The universal serial bus (USB) is an industry standardized bus architecture developed to provide efficient, cost effective connections of peripherals to a computer system. USB is designed to efficiently integrate many various peripheral devices (e.g., up to 127 peripheral devices per USB port) to the computer system. Such peripheral devices could include, for example, a light pen, keyboard, mouse, printer, scanner, and the like. USB is increasingly becoming the system of choice for connecting peripheral devices to computer systems.
USB differs from previous expansion bus systems. One difference is that USB connects peripheral devices to the computer system without consuming the input output resources of the computer system. Unlike previous expansion bus systems, peripheral devices designed to function with USB do not require memory or input output address space and do not require interrupt request lines from the computer system. This increases the number of peripheral devices the computer system is able to reliably support. USB also provides a single connector type to connect peripheral devices designed to function with USB (hereafter USB peripheral devices). Each USB peripheral device connects to a standard USB connector. Additionally, USB provides the ability to couple a number of peripheral devices to a single USB connector. USB also provides for automatic USB peripheral device configuration and eliminates computer system resource conflicts. These, and other, advantages allow USB to simplify and ease the process of adding peripheral devices to a computer system, providing a "plug and play" system which satisfies the requirements of the users.
There exits a problem, however, in that while USB provides numerous benefits to users, USB does not currently support the use of real time, hardware supported interrupts of the CPU by the connected USB peripheral devices. The USB specification does not provide the capability for a USB peripheral device to interrupt the CPU of the computer system. Instead, each connected USB peripheral device is polled in successive 1 ms intervals (e.g., frames) by a USB controller within the computer system. When a connected USB peripheral device requires service (e.g., a data transfer from an internal buffer to the computer system), it waits until the next 1 ms interval, or frame, in which it is polled to communicate the required service to the USB controller. In this manner, each connected USB peripheral device is polled to determine whether it requires service.
As a result, USB peripheral devices have no real time capability. Real time capability as used herein is defined as the ability to accurately determine the actual time of an event's occurrence with respect to the computer system clock. A USB peripheral device cannot use an interrupt the CPU of the computer system to thereby inform the computer system of the occurrence of the event. The USB peripheral device, instead, waits until it is polled to communicate with the computer system via the USB controller.

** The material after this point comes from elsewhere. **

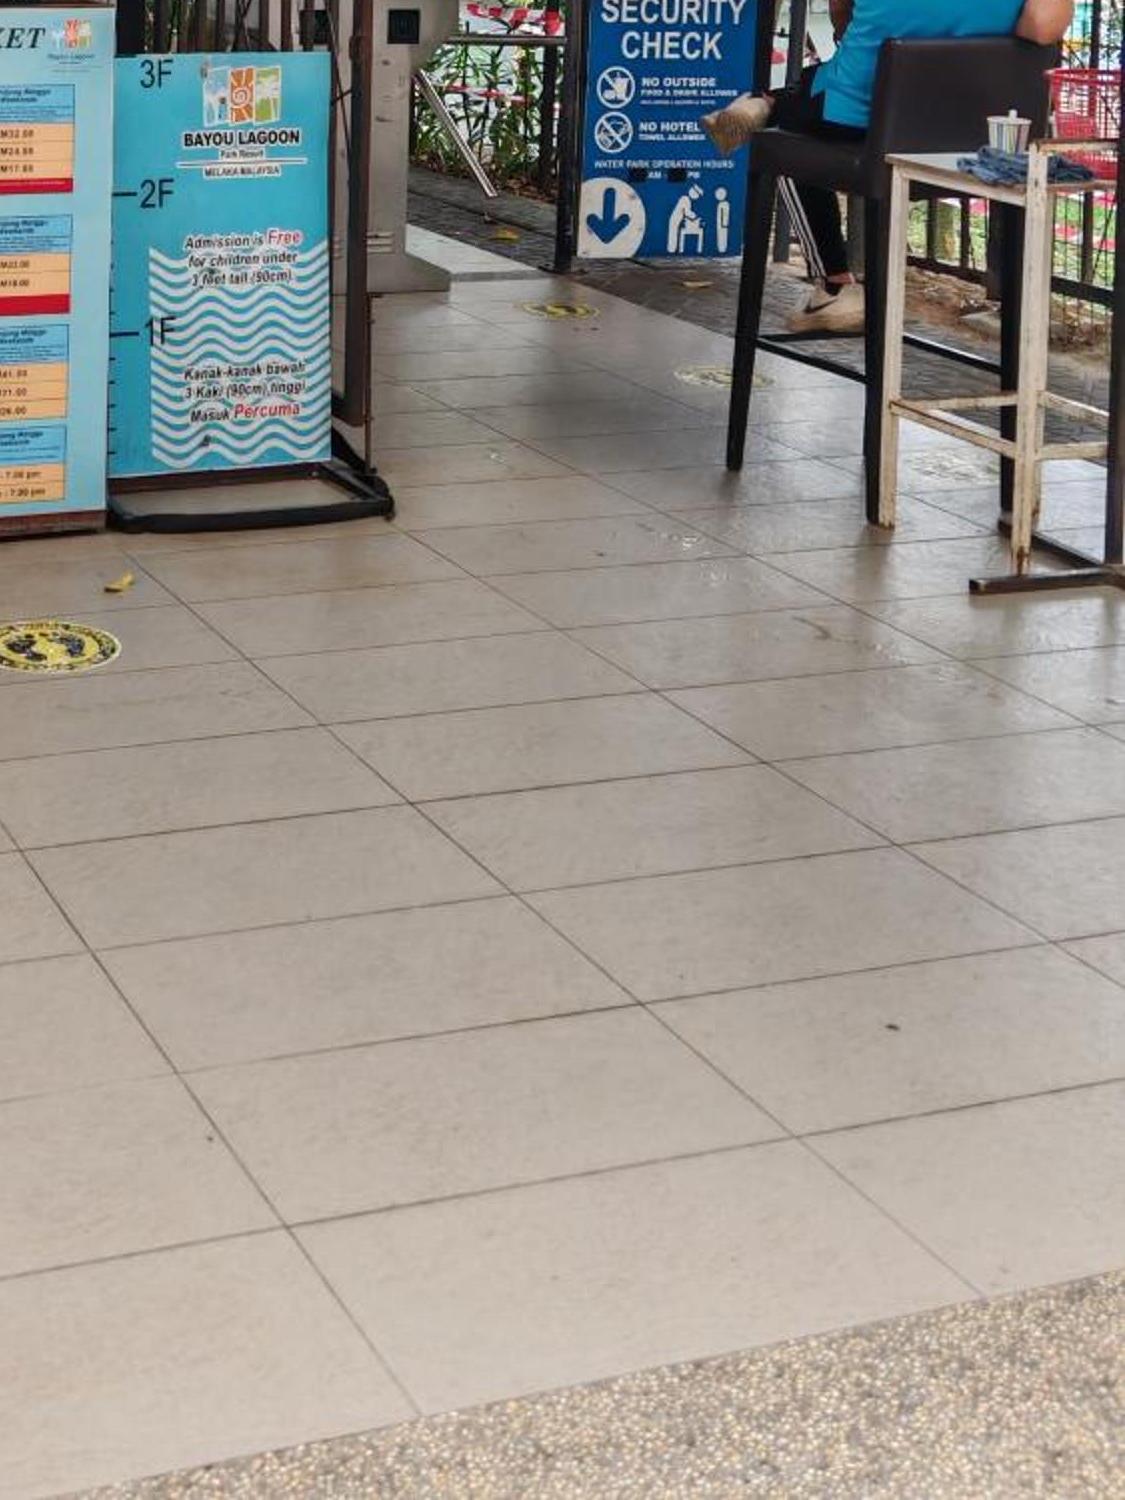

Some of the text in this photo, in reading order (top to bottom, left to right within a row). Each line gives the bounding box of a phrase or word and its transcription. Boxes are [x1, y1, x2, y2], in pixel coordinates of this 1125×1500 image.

Another reason USB peripheral devices have no real time capability is that no precise timing information is communicated across the USB interface. USB peripheral devices communicate serially via 1 ms frames to the USB controller. The USB controller, in turn, interfaces the USB peripheral devices with the host computer system. As a result, the 1 ms USB frames are asynchronous and completely indeterminate with respect to the CPU of the computer system. This further precludes the accurate determination of the specific instant in time that an event occurred within a peripheral device.
This lack of real-time capability precludes the use of certain types of peripheral devices as USB peripheral devices. For example, a light pen device used in conjunction with a computer-aided design (CAD) program requires real-time capability to operate properly. Therefore, a light pen cannot operate properly coupled to a prior art computer system that employs the USB architecture. Another type of device, that is closely related to a light pen, that cannot operate properly coupled to USB architecture is an aiming device used in conjunction with a software game in which the game player aims and shots at targets on the display screen and the game responds in some suitable manner (e.g., a light gun). Other examples of peripheral devices which require real-time capability include industrial applications that control machinery or any type of system control in which the host processor needs to be informed immediately upon the occurrence of an event. These types of applications require the addition of a real-time capability to the USB architecture in order to properly function.
Thus, what is required is a method and system implementing a real time capability within the USB architecture. The required system should allow the USB architecture to have real-time capability in determining the actual time of an event's occurrence within a USB peripheral device. The present invention provides a novel solution to the above requirements.